What the task asks: Give back all of the data exactly as it stands, with the pictures removed.

Collected data entries
● ● ● ● ● ● ●

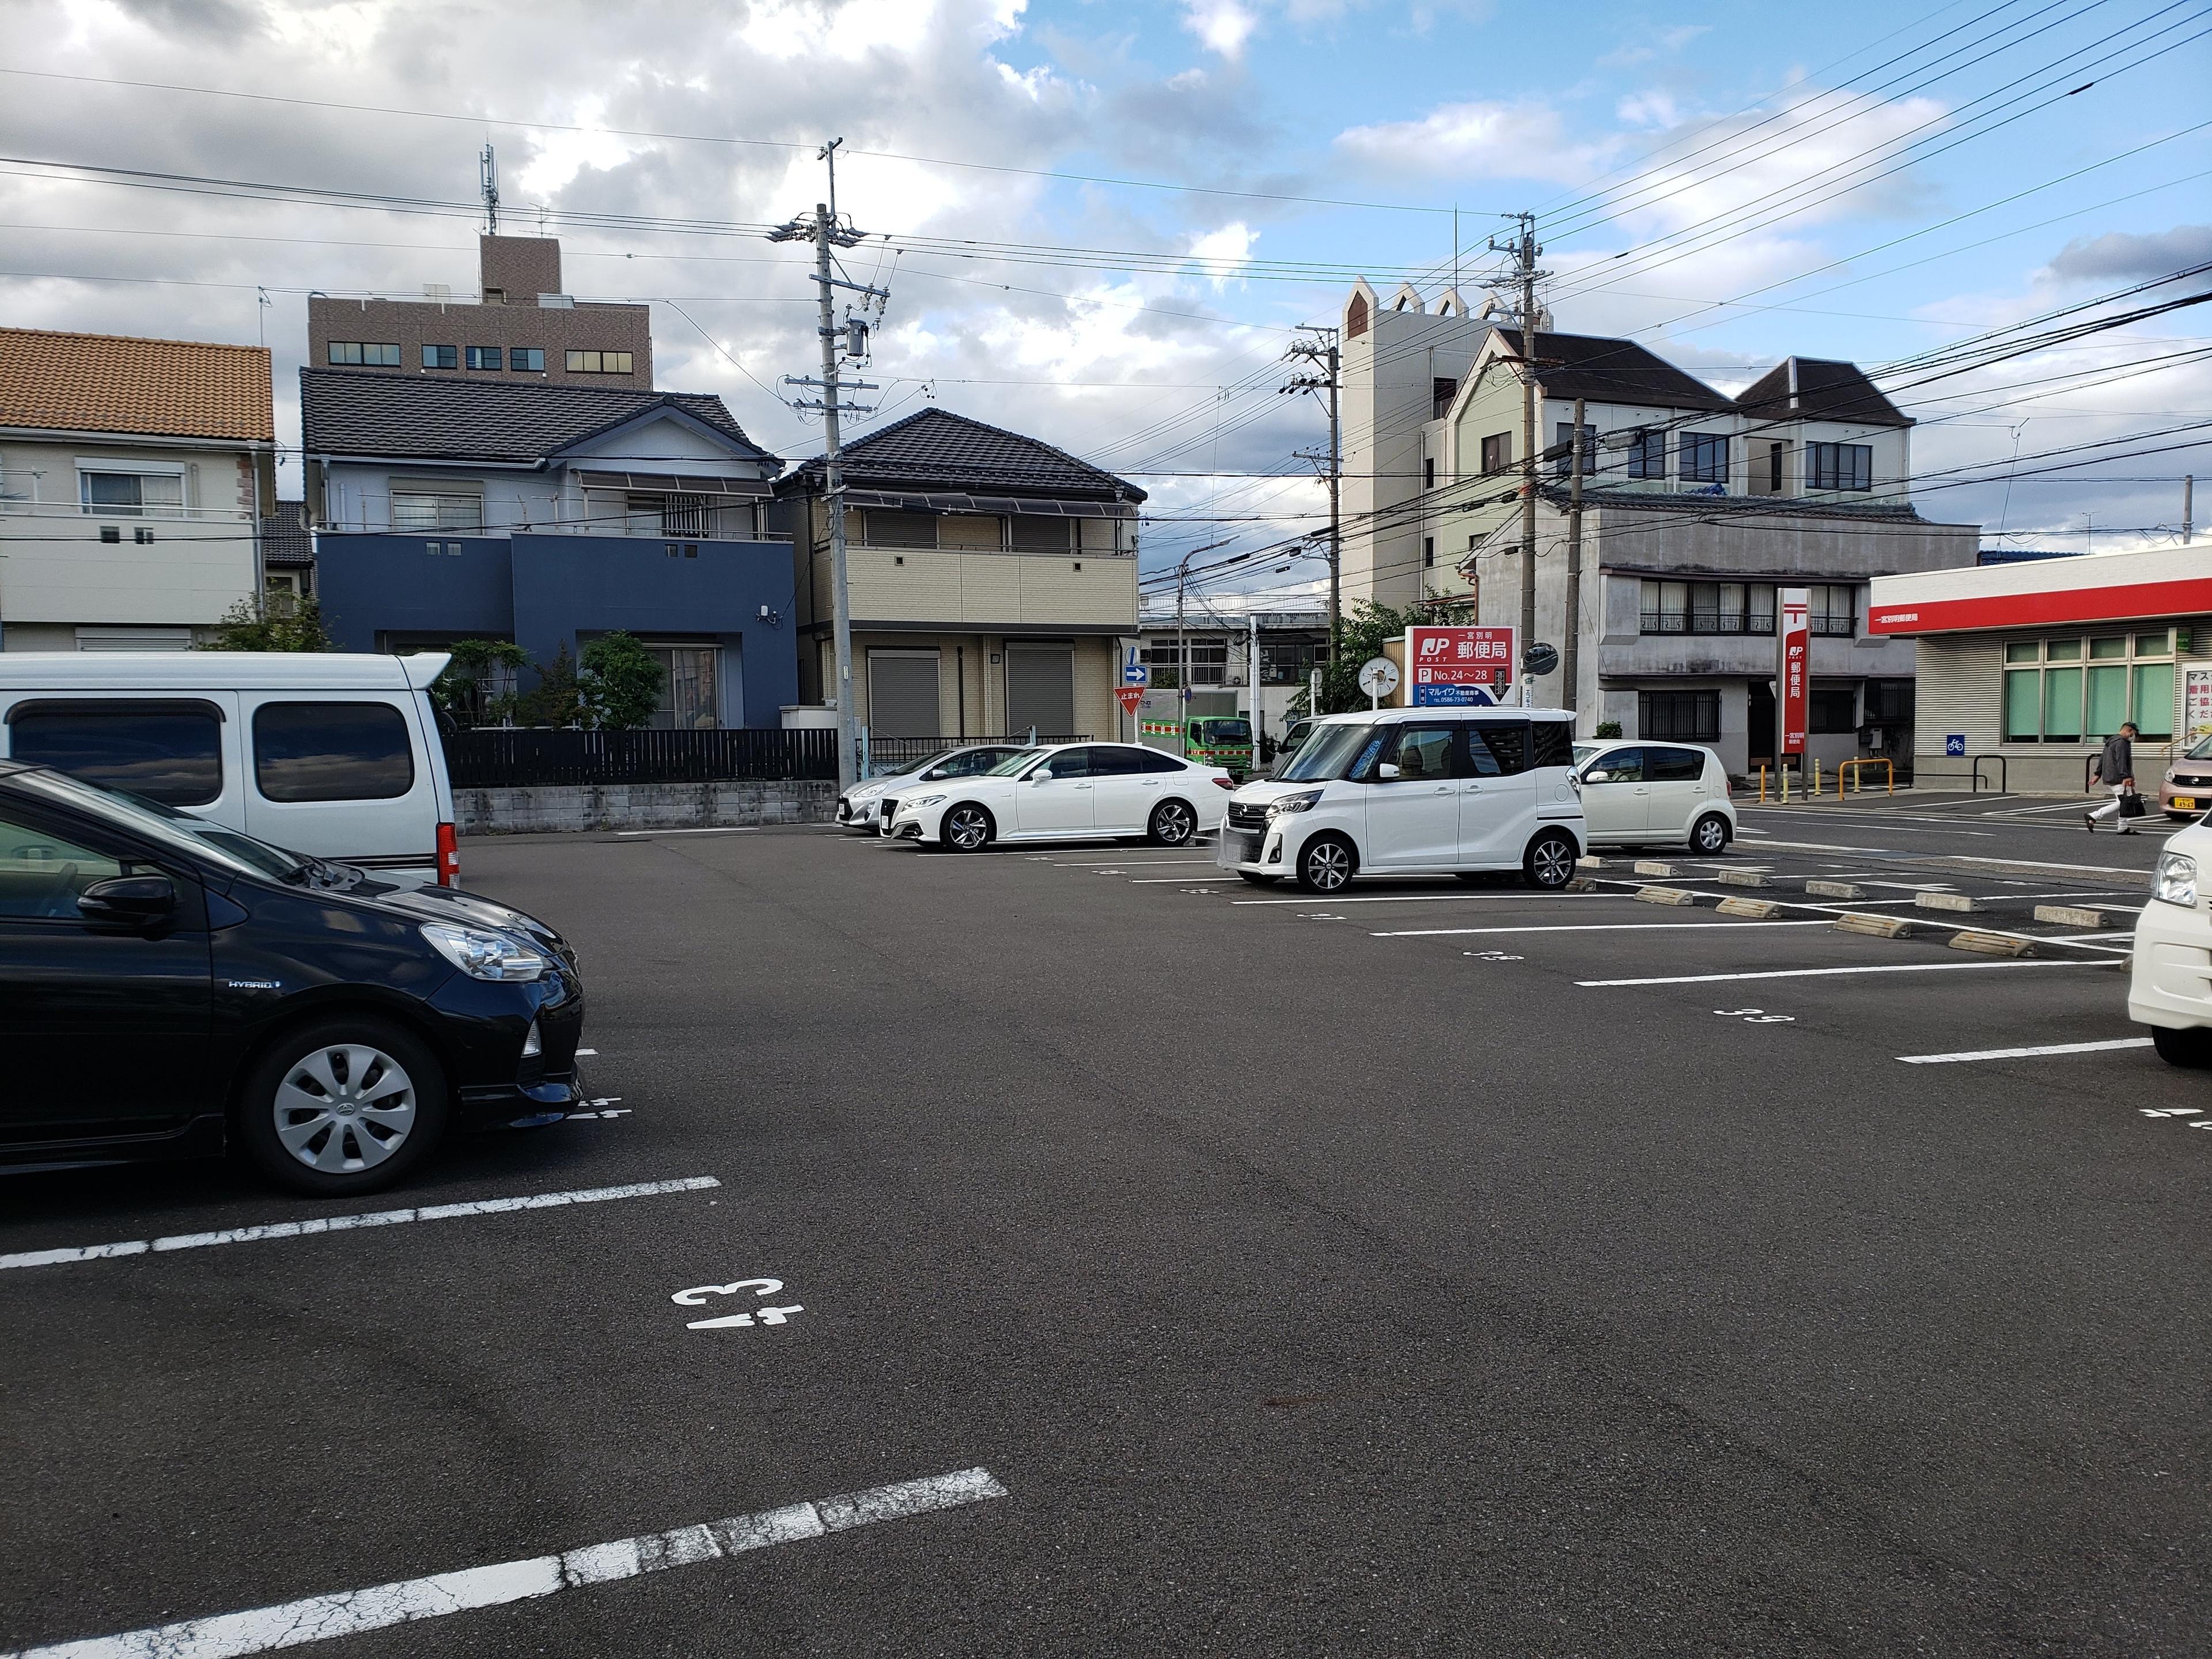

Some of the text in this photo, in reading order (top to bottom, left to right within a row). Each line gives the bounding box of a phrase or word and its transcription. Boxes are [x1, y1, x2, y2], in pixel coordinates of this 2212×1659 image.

[1457, 631, 1493, 639] 一宮別明
[1457, 641, 1507, 659] 郵便局
[1790, 662, 1801, 698] 郵便局
[2189, 672, 2212, 680] マス
[2189, 684, 2212, 694] 着用
[1121, 692, 1140, 700] 止まれ
[2189, 697, 2212, 706] ご協
[2189, 710, 2212, 718] くだ
[1713, 1009, 1795, 1022] 39
[671, 1277, 805, 1330] 43

● ● ● ● ● ● ●

Response for this exercise:
Some of the text in this photo, in reading order (top to bottom, left to right within a row). Each line gives the bounding box of a phrase or word and its transcription. Boxes are [x1, y1, x2, y2], in pixel coordinates of this 2212×1659 image.

[1457, 631, 1493, 639] 一宮別明
[1457, 641, 1507, 659] 郵便局
[1790, 662, 1801, 698] 郵便局
[2189, 672, 2212, 680] マス
[2189, 684, 2212, 694] 着用
[1121, 692, 1140, 700] 止まれ
[2189, 697, 2212, 706] ご協
[2189, 710, 2212, 718] くだ
[1713, 1009, 1795, 1022] 39
[671, 1277, 805, 1330] 43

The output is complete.